Early Monday, the text editor’s project author said a suspected Chinese state-sponsored group somehow compromised a shared hosting server and selectively redirected some update traffic to an attacker-controlled site where victims downloaded a poisoned version of what appeared to be a legit software update.
Later on Monday, Rapid7’s managed detection and response team attributed the attack “with moderate confidence” to the Chinese advanced persistent threat (APT) group they call Lotus Blossom.
This group typically conducts targeted cyber-espionage campaigns against organizations in Southeast Asia – and more recently Central America – with a focus on government, telecom, aviation, critical infrastructure, and media sectors.

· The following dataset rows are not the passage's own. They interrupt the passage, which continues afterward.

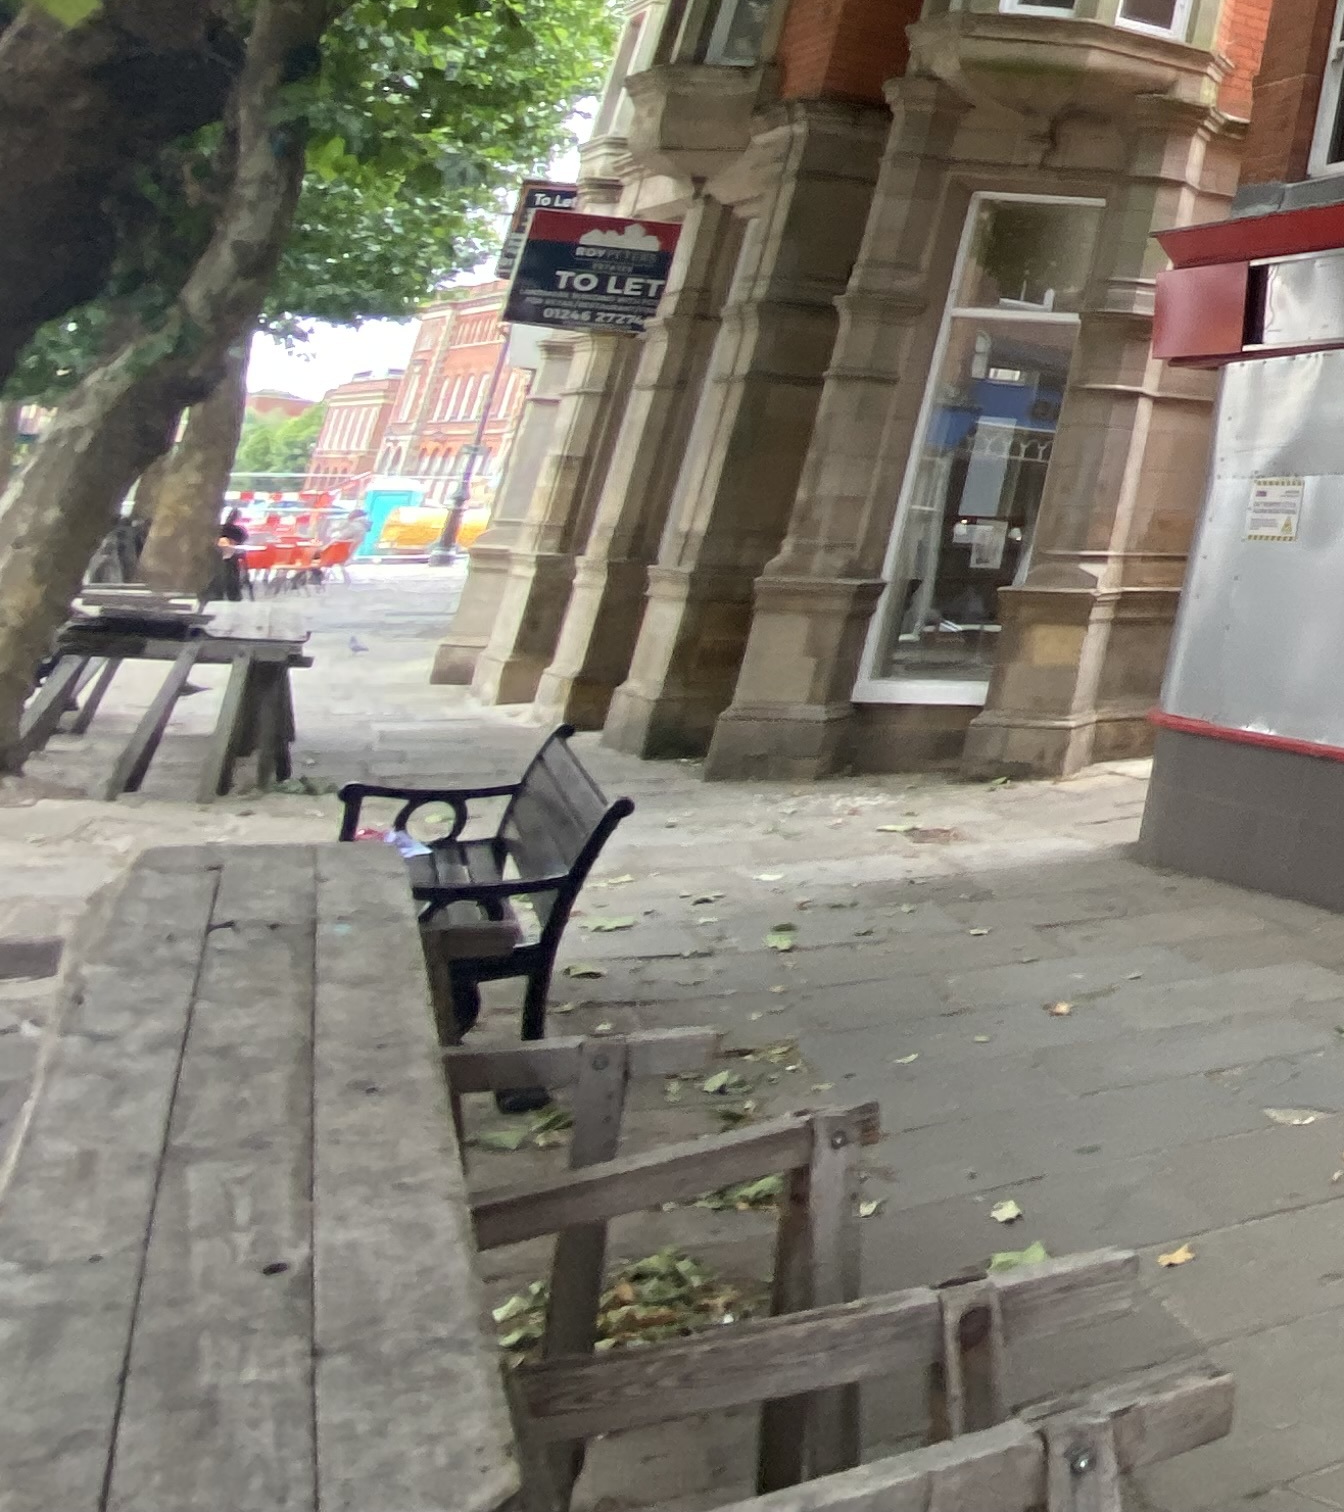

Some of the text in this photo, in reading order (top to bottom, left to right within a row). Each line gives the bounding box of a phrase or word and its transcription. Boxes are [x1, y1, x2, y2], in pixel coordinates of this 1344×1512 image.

[534, 193, 550, 207] To
[575, 246, 606, 257] ROY
[555, 270, 599, 291] TO
[606, 276, 666, 297] LET
[543, 307, 591, 321] 01246

According to the threat hunters, the espionage crew used the hijacked Notepad++ update to deliver a previously unknown backdoor called Chrysalis.
Notepad++ author Don Ho did not immediately respond to The Register’s inquiries about Rapid7’s attribution and malware analysis. We will update this story if we hear back.

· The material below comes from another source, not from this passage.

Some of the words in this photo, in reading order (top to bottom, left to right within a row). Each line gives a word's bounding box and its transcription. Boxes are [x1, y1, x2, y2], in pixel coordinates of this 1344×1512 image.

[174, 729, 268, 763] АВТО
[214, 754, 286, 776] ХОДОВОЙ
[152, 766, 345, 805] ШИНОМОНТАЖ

While it’s still unclear exactly how the miscreants gained initial access to Notepad++’s distribution infrastructure, once inside they abused that access to deliver a trojanized update in the form of an NSIS installer, a packaging format commonly abused by Chinese APT groups to deliver initial payloads.
The installer contained an executable file named “BluetoothService.exe,” which is a renamed legitimate Bitdefender Submission Wizard abused for DLL sideloading – another…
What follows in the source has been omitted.